Evo Morales, providing leadership in times of adversity

By Enrique Moreno Gimeranez

Evo Morales, providing leadership in times of adversity

Carbon monoxide from Amazon fires. NASA/JPL-Caltech [Public domain]

Originally posted on Granma. 

While other South American leaders stood idly by, and delayed operations to fight fires days after the flames began to spread across the Brazilian Amazon, the President of the Plurinational State of Bolivia, Evo Morales Ayma, personally led efforts to confront the tragedy in the area of Chiquitanía, located in the country’s southeast, between Gran Chaco and Amazonía.

In a Twitter message, Cuban Foreign Minister Bruno Rodríguez Parrilla emphasized the Bolivian leader’s actions in the face of an environmental disaster, writing, “We recognize the leadership of President Evo and the brothers in Bolivia, who are confronting fires in their area of the Amazon. They can count on our solidarity and support…”

The indigenous President has adopted significant measures to protect Mother Earth from the flames that have affected more than 700,000 hectares in Bolivia. First was the key step of creating an Environmental Emergency Cabinet in Roboré, in the department of Santa Cruz, charged with evaluating the situation, facilitating help, and attending to the most urgent needs of the population and nature impacted by the fires, according to the country’s Ministry of Communications.

Official Bolivian reports indicate that working in the area are 1,800 soldiers, 450 police, 21 ambulances and 42 water trucks with their crews, as well as a large number of doctors and volunteers, for a total of more than 4,000 persons. This coordinated response has contributed to preventing any loss of human life, to date.

Some 2,000 residents and firefighters have been provided medical assistance, although no severe cases have been reported, according to statements by the country’s Health Minister, Gabriela Montaño.

Also deployed were veterinary personnel to aid domestic and wild animals, and refuge centers were created for the area’s fauna. A report on RT indicated that seven aircraft are fighting the fires, among these a Boeing 747 Super Tanker leased by the Morales government.

Of course, criticism from the opposition was not long in coming, but quickly lost steam given the preliminary results of measures taken by the President, who tweeted, “I thank the press for visiting Chiquitanía to verify the struggle underway against the fires. Together we confirmed a reduction in the number of hotspots over the last few days, from 8,000 to 162.”

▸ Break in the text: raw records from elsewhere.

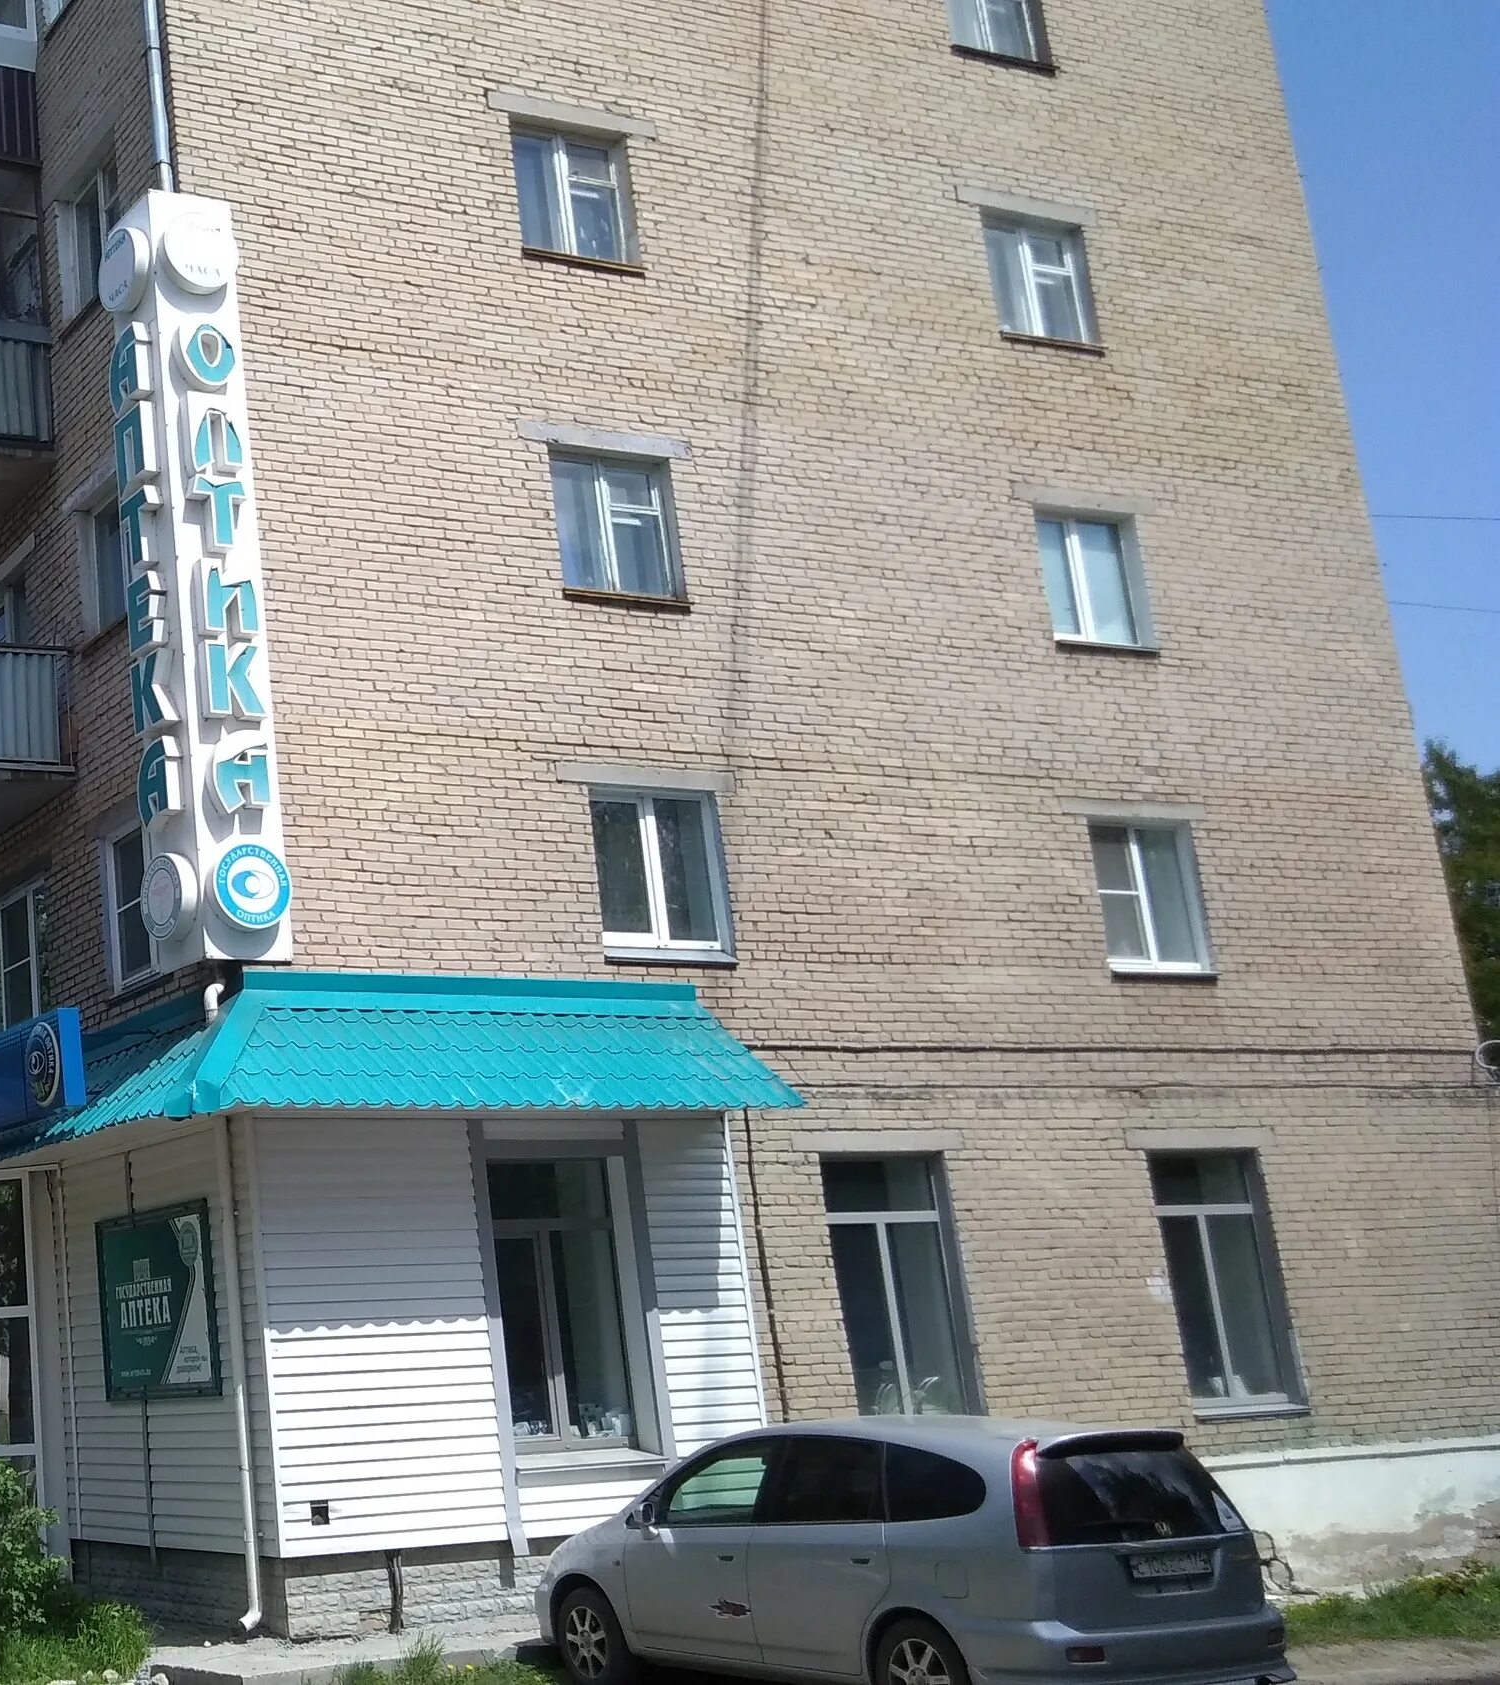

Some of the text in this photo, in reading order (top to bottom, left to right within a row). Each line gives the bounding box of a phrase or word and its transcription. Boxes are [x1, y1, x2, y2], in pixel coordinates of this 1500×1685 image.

[109, 320, 176, 832] АПТЕКА
[184, 322, 271, 815] ОПТИКА
[217, 846, 288, 887] ГОСУДАРСТВЕННАЯ
[236, 909, 276, 923] ОПТИКА
[115, 1278, 173, 1300] ГОСУДАРСТВЕННАЯ
[120, 1295, 172, 1329] АПТЕКА

Morales has provided a personal example of the attitude required to overcome a natural disaster: cooperating with the firefighting brigades; coordinating the Emergency Cabinet’s work; inspecting affected areas from the air; holding meetings with residents; and temporarily suspending his campaign as the Movement to Socialism (MAS) candidate for President in the upcoming October elections, given the difficult situation in Chiquitanía. He has additionally declared an “ecological pause” in affected areas, which includes a prohibition on land sales, and accepted international aid, which is still insufficient.

No less important is his call for a meeting, to address the fire emergency, of foreign ministers from the Amazon Treaty Cooperation Organization’s (OTCA) member countries, which includes Bolivia, Brazil, Colombia, Ecuador, Guyana, Peru, Suriname and Venezuela.

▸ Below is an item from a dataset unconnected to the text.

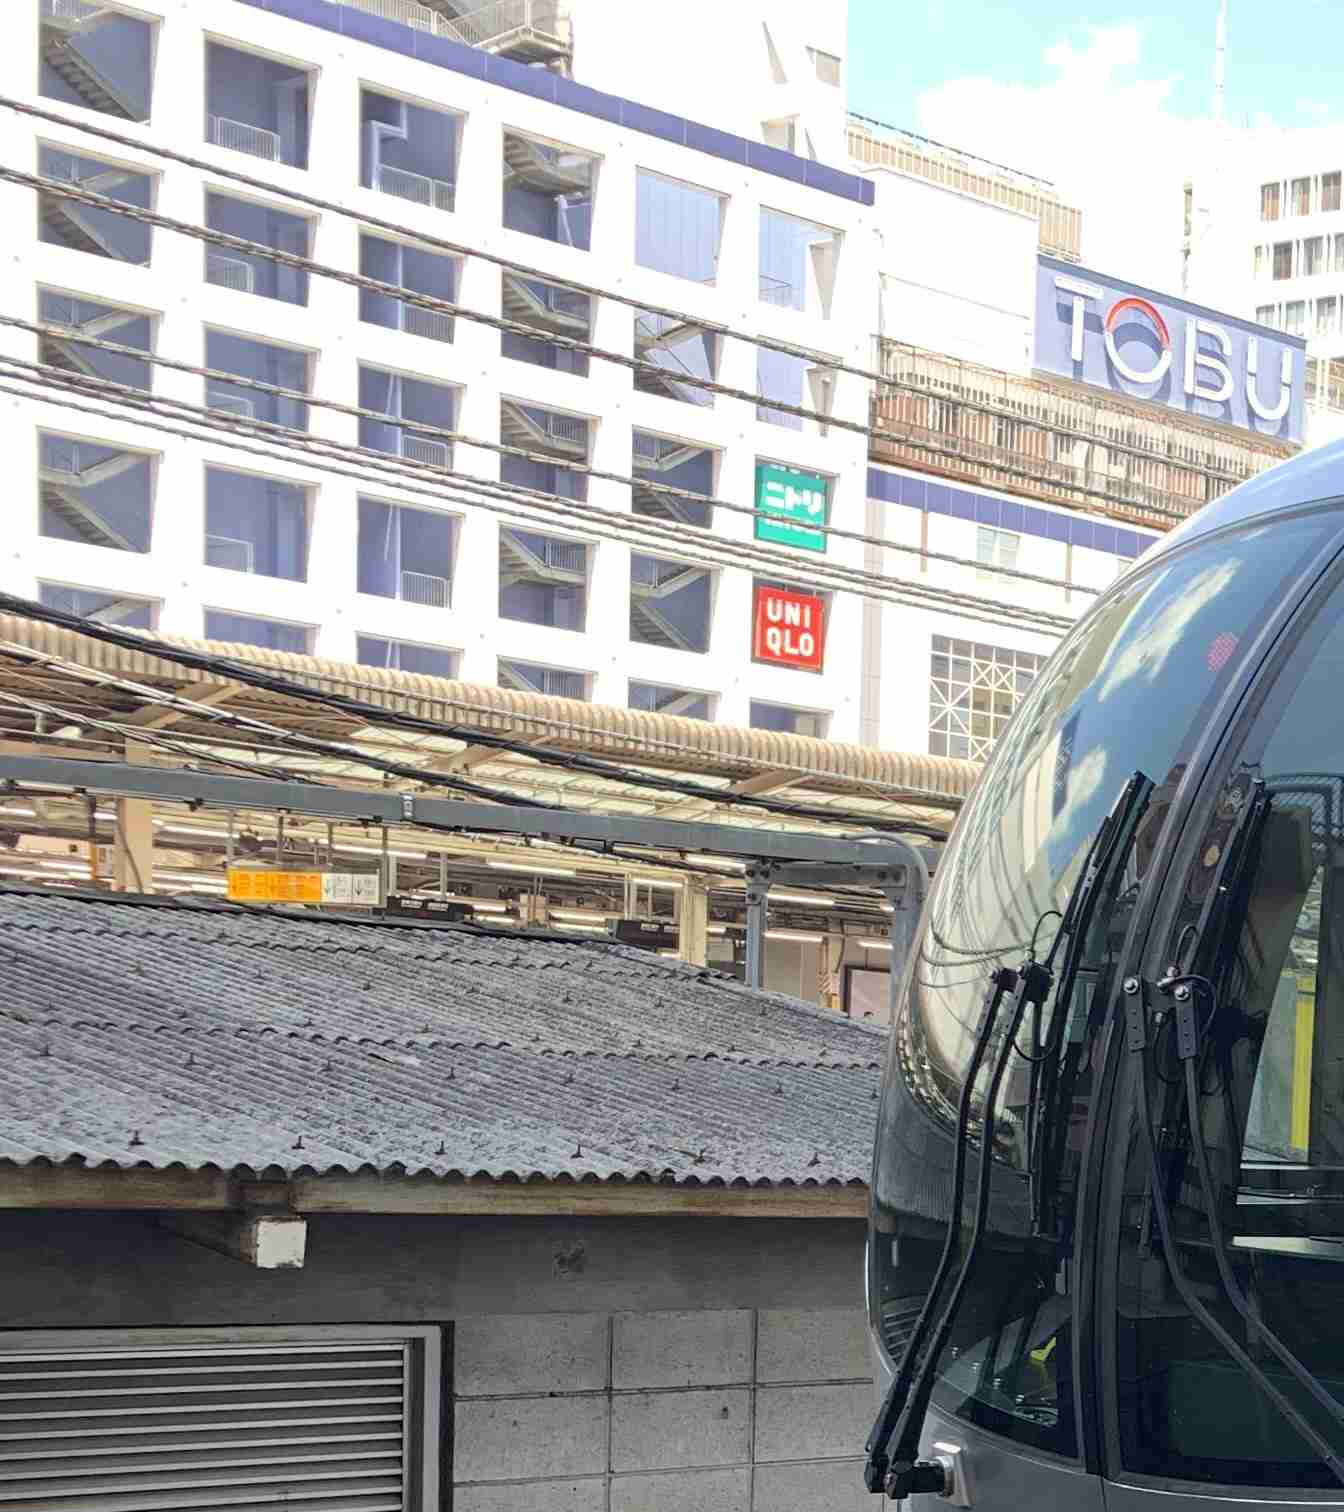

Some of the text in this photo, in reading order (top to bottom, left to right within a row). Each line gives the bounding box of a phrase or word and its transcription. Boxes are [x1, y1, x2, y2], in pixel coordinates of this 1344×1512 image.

The Bolivian government, and its President in particular, have promoted the hashtag #UnidadEnLaAdversidad (UnityInAdversity), sharing news on the fires via social media. A good maxim for a sister people confronting a great challenge – a difficult task that requires the best from human beings, and especially unity to fight the flames and begin the recovery.

The Amazon’s importance for the world

–   The Amazon rainforest covers 7.4 million square kilometers, 5% of the world’s continental land surface, including areas in Bolivia, Brazil, Colombia, Ecuador, Guyana, Peru, Suriname and Venezuela.

–   The Amazon River is the largest in the world, carrying an average of 230,000 cubic meters of water per second, 20% of the fresh water on the planet.

–   Indigenous groups, with great cultural and linguistic riches, account for 17% of the population in the region. These native peoples have always used the rainforest’s resources in a sustainable manner thanks to their knowledge of its biodiversity and ecosystem.

–   Amazonia is a region of great geopolitical importance both nationally and internationally, given the scarce, strategic resources it holds, its environmental importance, and cultural patrimony.